Aerospace and Defense
0 min read

Rocket Lab USA (Nasdaq: RKLB) extended one of the more remarkable two-day runs in the commercial space sector on Monday, adding another 14% gain on top of Friday’s 30% surge following a blowout first quarter earnings report. The back-to-back move pushed shares to a new all-time high and left the stock up 70% on the year — a return that reflects both the strength of the company’s underlying business and a wave of investor enthusiasm for the commercial space sector being driven by the looming SpaceX IPO.

The earnings report that ignited Friday’s move was genuinely strong across every metric that matters for a company at Rocket Lab’s stage. First quarter revenue came in at $200.3 million, a 63.5% year-over-year increase, on a loss per share of $0.07 — a penny better than analyst expectations. Second quarter guidance was set at $232.5 million at the midpoint, approximately 12% above what the Street had modeled. For a company still burning cash as it scales toward profitability, the combination of accelerating revenue growth and a beat-and-raise quarter is exactly what investors needed to see.

The backlog figures are where the story gets particularly compelling. Total backlog reached $2.2 billion — up 20% in a single quarter and up 108% year-over-year. CEO Peter Beck disclosed that Rocket Lab booked 31 Electron and HASTE rocket missions during Q1, the most ever signed in a single quarter, bringing total launches in backlog across those programs to more than 70. The company also signed five new dedicated launches for Neutron, its larger next-generation rocket currently in development. A backlog growing at three-digit rates year-over-year is not a company running out of demand — it is a company struggling to build supply fast enough to meet it.
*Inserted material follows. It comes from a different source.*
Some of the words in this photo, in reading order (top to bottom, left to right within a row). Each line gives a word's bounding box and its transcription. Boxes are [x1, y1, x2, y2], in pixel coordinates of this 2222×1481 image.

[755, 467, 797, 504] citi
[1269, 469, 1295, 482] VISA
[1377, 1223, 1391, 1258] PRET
The business wins extend well beyond launch contracts. Rocket Lab was selected alongside defense contractor RTX to support the Department of Defense’s Space Based Interceptor program — providing both launch and satellite technology as part of President Trump’s Golden Dome missile defense initiative. That contract positions Rocket Lab squarely in the defense-space convergence that has been one of the most significant and durable spending tailwinds in the sector. The company also announced plans to acquire Motiv Space Systems, a robotics firm whose technology has been deployed on NASA Mars rover missions — a move that adds in-space robotics capabilities to Rocket Lab’s already expanding portfolio.

All of this is unfolding against a backdrop of accelerating investor interest in the commercial space sector broadly, catalyzed by the anticipated SpaceX IPO — expected as early as June 2026. SpaceX is not yet publicly traded, which means Rocket Lab has functioned as the go-to pure-play proxy for investors who want direct exposure to the commercial launch market. As SpaceX’s IPO timeline comes into focus, capital has been flooding into RKLB and adjacent names in anticipation.
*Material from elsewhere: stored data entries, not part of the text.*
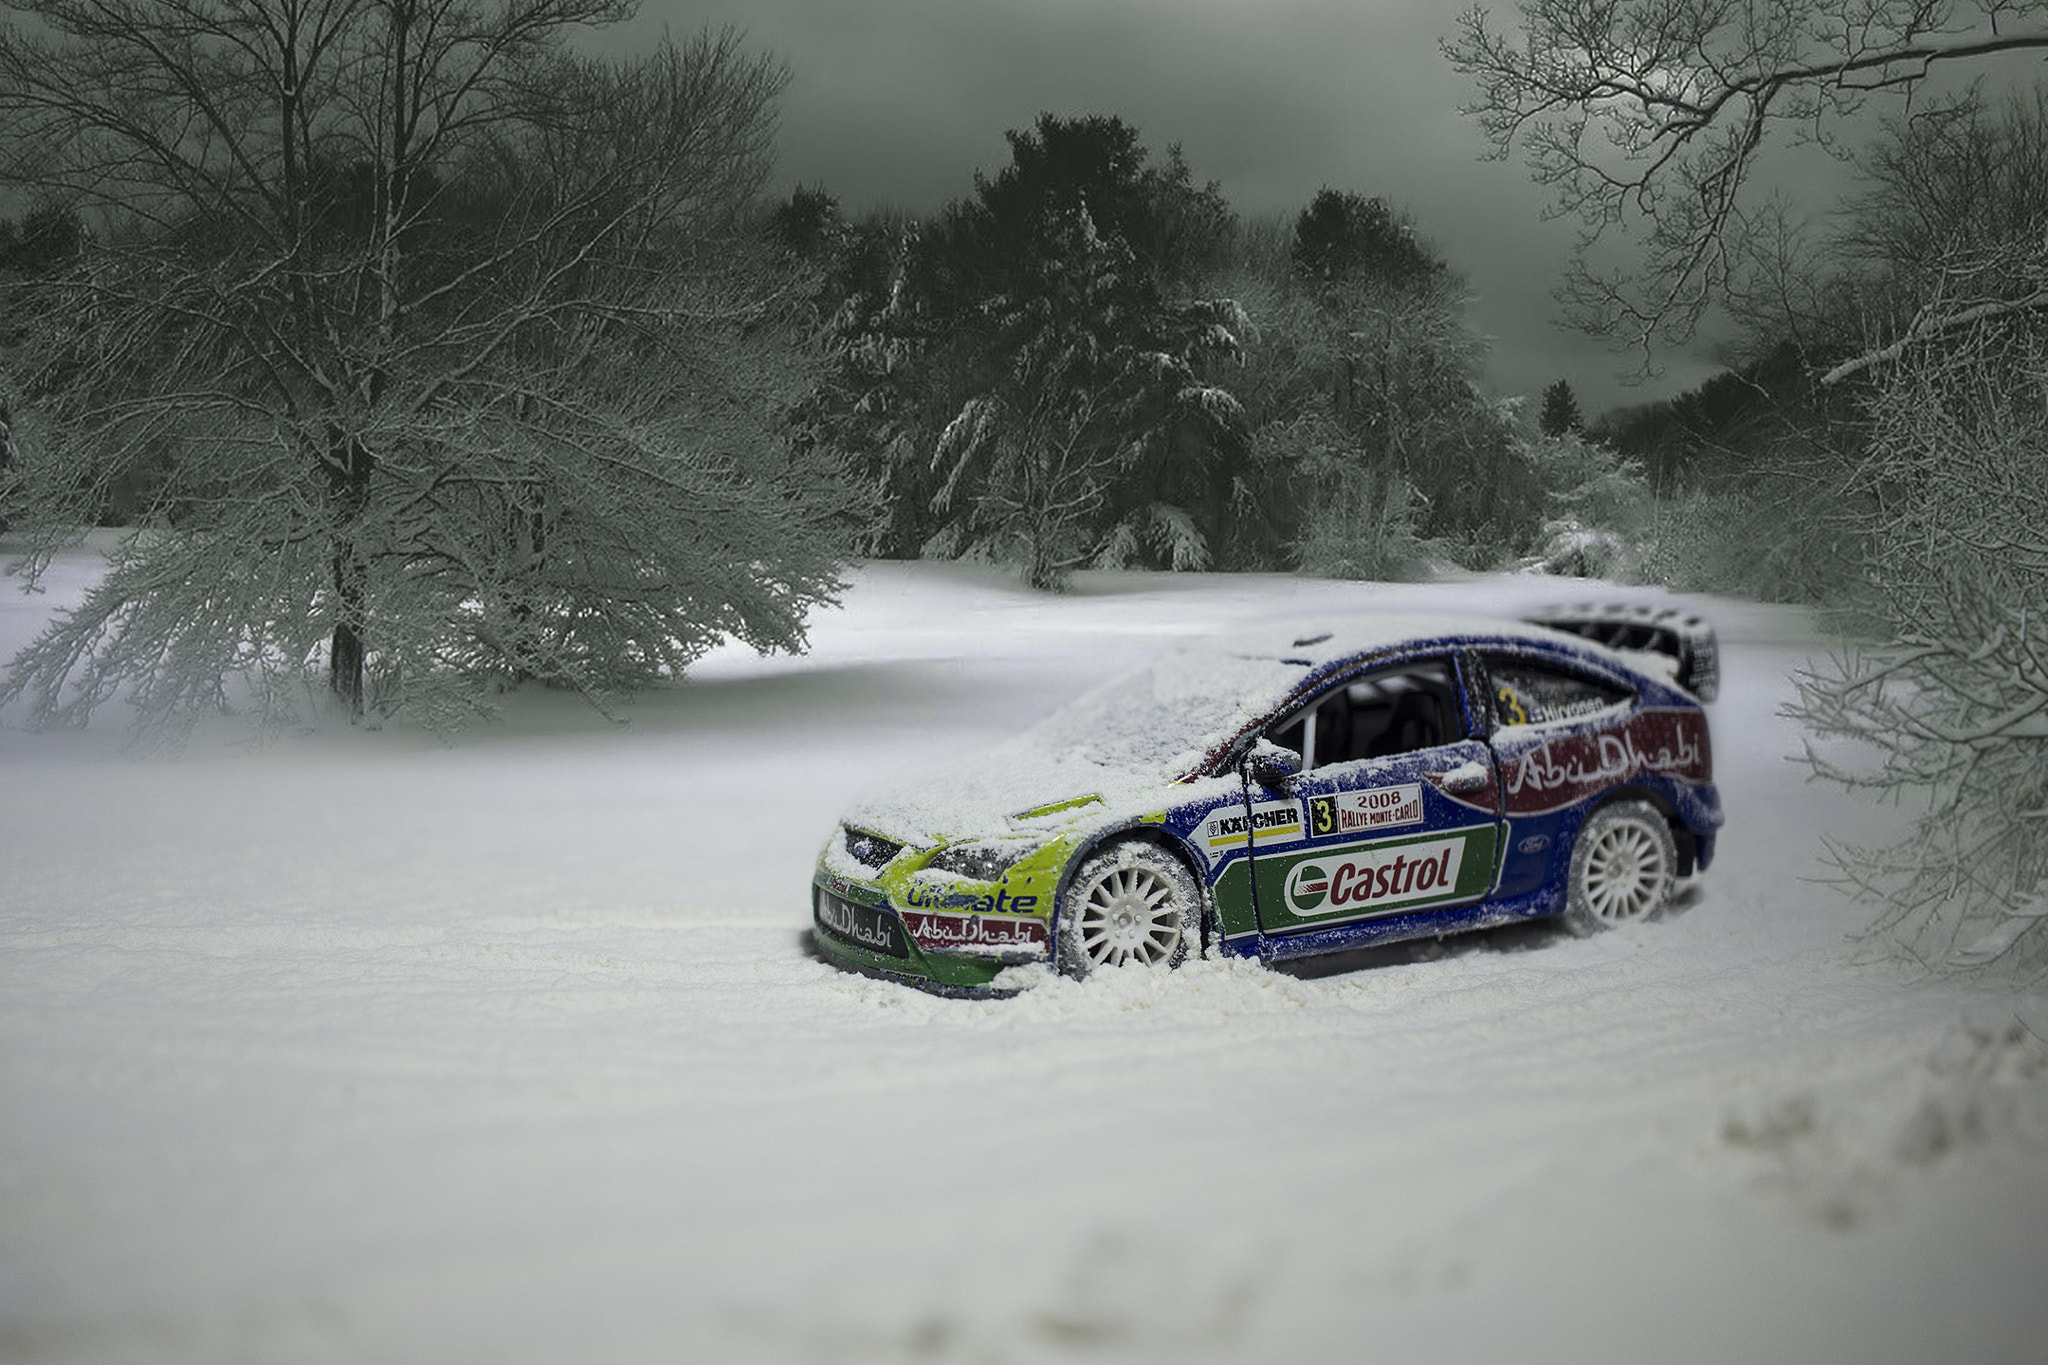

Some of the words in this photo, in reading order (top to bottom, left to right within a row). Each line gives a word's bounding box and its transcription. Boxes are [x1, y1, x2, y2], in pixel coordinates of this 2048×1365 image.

[1500, 688, 1526, 725] 3
[1317, 800, 1332, 832] 3
[1357, 791, 1401, 809] 2008
[1341, 809, 1368, 828] RALLYE
[1330, 848, 1452, 906] Castrol
The key question from here is whether the fundamentals can keep pace with the valuation expansion. At 70% year-to-date with all-time highs on the board, Rocket Lab is no longer a deeply discounted bet on an unproven business. It is a high-momentum, high-expectation growth story that will need continued execution — on Neutron development, defense contract delivery, and the Motiv integration — to justify where the market has taken it.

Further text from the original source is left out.